__EXERCISE INPUT__
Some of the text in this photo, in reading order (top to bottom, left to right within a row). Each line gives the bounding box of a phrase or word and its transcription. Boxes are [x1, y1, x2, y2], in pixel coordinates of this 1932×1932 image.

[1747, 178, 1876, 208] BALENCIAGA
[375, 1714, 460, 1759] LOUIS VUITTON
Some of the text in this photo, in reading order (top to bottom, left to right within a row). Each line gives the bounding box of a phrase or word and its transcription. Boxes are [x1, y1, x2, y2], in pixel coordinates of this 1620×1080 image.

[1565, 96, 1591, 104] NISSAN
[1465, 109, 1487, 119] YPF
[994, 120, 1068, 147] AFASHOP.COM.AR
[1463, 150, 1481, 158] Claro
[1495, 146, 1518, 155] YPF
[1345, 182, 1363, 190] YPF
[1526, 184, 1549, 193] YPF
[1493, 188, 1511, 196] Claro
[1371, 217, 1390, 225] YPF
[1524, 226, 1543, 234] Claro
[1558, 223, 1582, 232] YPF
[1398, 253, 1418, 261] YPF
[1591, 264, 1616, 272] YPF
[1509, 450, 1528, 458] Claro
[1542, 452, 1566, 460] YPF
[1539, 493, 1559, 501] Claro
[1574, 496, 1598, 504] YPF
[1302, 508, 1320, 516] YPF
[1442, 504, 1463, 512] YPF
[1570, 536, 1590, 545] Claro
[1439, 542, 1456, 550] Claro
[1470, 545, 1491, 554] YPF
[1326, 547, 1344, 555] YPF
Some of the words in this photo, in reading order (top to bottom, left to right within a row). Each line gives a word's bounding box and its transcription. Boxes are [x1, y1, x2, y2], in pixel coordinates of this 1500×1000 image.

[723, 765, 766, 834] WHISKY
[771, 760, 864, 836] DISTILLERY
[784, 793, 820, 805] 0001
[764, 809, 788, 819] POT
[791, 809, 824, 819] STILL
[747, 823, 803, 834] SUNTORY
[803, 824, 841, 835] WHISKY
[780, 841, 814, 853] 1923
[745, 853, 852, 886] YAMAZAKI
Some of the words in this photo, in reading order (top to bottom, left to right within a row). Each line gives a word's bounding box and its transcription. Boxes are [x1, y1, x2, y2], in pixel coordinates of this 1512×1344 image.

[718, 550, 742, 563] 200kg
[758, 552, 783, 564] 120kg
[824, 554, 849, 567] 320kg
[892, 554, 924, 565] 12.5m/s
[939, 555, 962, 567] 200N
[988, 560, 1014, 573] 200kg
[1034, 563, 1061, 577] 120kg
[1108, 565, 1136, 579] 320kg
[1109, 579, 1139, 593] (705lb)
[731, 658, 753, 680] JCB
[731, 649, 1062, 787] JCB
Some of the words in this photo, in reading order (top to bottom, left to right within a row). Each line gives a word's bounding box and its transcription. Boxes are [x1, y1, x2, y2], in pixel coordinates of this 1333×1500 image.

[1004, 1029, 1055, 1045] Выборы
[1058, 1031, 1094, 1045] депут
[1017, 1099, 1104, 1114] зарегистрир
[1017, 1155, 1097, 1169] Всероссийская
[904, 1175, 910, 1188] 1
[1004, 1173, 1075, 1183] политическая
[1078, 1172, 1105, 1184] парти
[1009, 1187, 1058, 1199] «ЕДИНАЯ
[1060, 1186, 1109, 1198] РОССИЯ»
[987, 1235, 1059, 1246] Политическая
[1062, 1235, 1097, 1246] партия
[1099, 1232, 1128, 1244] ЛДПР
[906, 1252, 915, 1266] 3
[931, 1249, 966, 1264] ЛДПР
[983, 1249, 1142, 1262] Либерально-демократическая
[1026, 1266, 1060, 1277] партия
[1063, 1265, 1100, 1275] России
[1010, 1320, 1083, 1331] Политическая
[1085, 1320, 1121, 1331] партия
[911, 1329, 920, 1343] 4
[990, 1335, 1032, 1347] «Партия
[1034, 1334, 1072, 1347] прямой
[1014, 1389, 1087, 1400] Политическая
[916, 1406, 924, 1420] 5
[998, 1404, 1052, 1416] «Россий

__EXERCISE AIM__
Give the records again, exactly as they appear.

__SOLUTION FOR THIS PROBLEM__
Some of the text in this photo, in reading order (top to bottom, left to right within a row). Each line gives the bounding box of a phrase or word and its transcription. Boxes are [x1, y1, x2, y2], in pixel coordinates of this 1932×1932 image.

[1747, 178, 1876, 208] BALENCIAGA
[375, 1714, 460, 1759] LOUIS VUITTON
Some of the text in this photo, in reading order (top to bottom, left to right within a row). Each line gives the bounding box of a phrase or word and its transcription. Boxes are [x1, y1, x2, y2], in pixel coordinates of this 1620×1080 image.

[1565, 96, 1591, 104] NISSAN
[1465, 109, 1487, 119] YPF
[994, 120, 1068, 147] AFASHOP.COM.AR
[1463, 150, 1481, 158] Claro
[1495, 146, 1518, 155] YPF
[1345, 182, 1363, 190] YPF
[1526, 184, 1549, 193] YPF
[1493, 188, 1511, 196] Claro
[1371, 217, 1390, 225] YPF
[1524, 226, 1543, 234] Claro
[1558, 223, 1582, 232] YPF
[1398, 253, 1418, 261] YPF
[1591, 264, 1616, 272] YPF
[1509, 450, 1528, 458] Claro
[1542, 452, 1566, 460] YPF
[1539, 493, 1559, 501] Claro
[1574, 496, 1598, 504] YPF
[1302, 508, 1320, 516] YPF
[1442, 504, 1463, 512] YPF
[1570, 536, 1590, 545] Claro
[1439, 542, 1456, 550] Claro
[1470, 545, 1491, 554] YPF
[1326, 547, 1344, 555] YPF
Some of the words in this photo, in reading order (top to bottom, left to right within a row). Each line gives a word's bounding box and its transcription. Boxes are [x1, y1, x2, y2], in pixel coordinates of this 1500×1000 image.

[723, 765, 766, 834] WHISKY
[771, 760, 864, 836] DISTILLERY
[784, 793, 820, 805] 0001
[764, 809, 788, 819] POT
[791, 809, 824, 819] STILL
[747, 823, 803, 834] SUNTORY
[803, 824, 841, 835] WHISKY
[780, 841, 814, 853] 1923
[745, 853, 852, 886] YAMAZAKI
Some of the words in this photo, in reading order (top to bottom, left to right within a row). Each line gives a word's bounding box and its transcription. Boxes are [x1, y1, x2, y2], in pixel coordinates of this 1512×1344 image.

[718, 550, 742, 563] 200kg
[758, 552, 783, 564] 120kg
[824, 554, 849, 567] 320kg
[892, 554, 924, 565] 12.5m/s
[939, 555, 962, 567] 200N
[988, 560, 1014, 573] 200kg
[1034, 563, 1061, 577] 120kg
[1108, 565, 1136, 579] 320kg
[1109, 579, 1139, 593] (705lb)
[731, 658, 753, 680] JCB
[731, 649, 1062, 787] JCB
Some of the words in this photo, in reading order (top to bottom, left to right within a row). Each line gives a word's bounding box and its transcription. Boxes are [x1, y1, x2, y2], in pixel coordinates of this 1333×1500 image.

[1004, 1029, 1055, 1045] Выборы
[1058, 1031, 1094, 1045] депут
[1017, 1099, 1104, 1114] зарегистрир
[1017, 1155, 1097, 1169] Всероссийская
[904, 1175, 910, 1188] 1
[1004, 1173, 1075, 1183] политическая
[1078, 1172, 1105, 1184] парти
[1009, 1187, 1058, 1199] «ЕДИНАЯ
[1060, 1186, 1109, 1198] РОССИЯ»
[987, 1235, 1059, 1246] Политическая
[1062, 1235, 1097, 1246] партия
[1099, 1232, 1128, 1244] ЛДПР
[906, 1252, 915, 1266] 3
[931, 1249, 966, 1264] ЛДПР
[983, 1249, 1142, 1262] Либерально-демократическая
[1026, 1266, 1060, 1277] партия
[1063, 1265, 1100, 1275] России
[1010, 1320, 1083, 1331] Политическая
[1085, 1320, 1121, 1331] партия
[911, 1329, 920, 1343] 4
[990, 1335, 1032, 1347] «Партия
[1034, 1334, 1072, 1347] прямой
[1014, 1389, 1087, 1400] Политическая
[916, 1406, 924, 1420] 5
[998, 1404, 1052, 1416] «Россий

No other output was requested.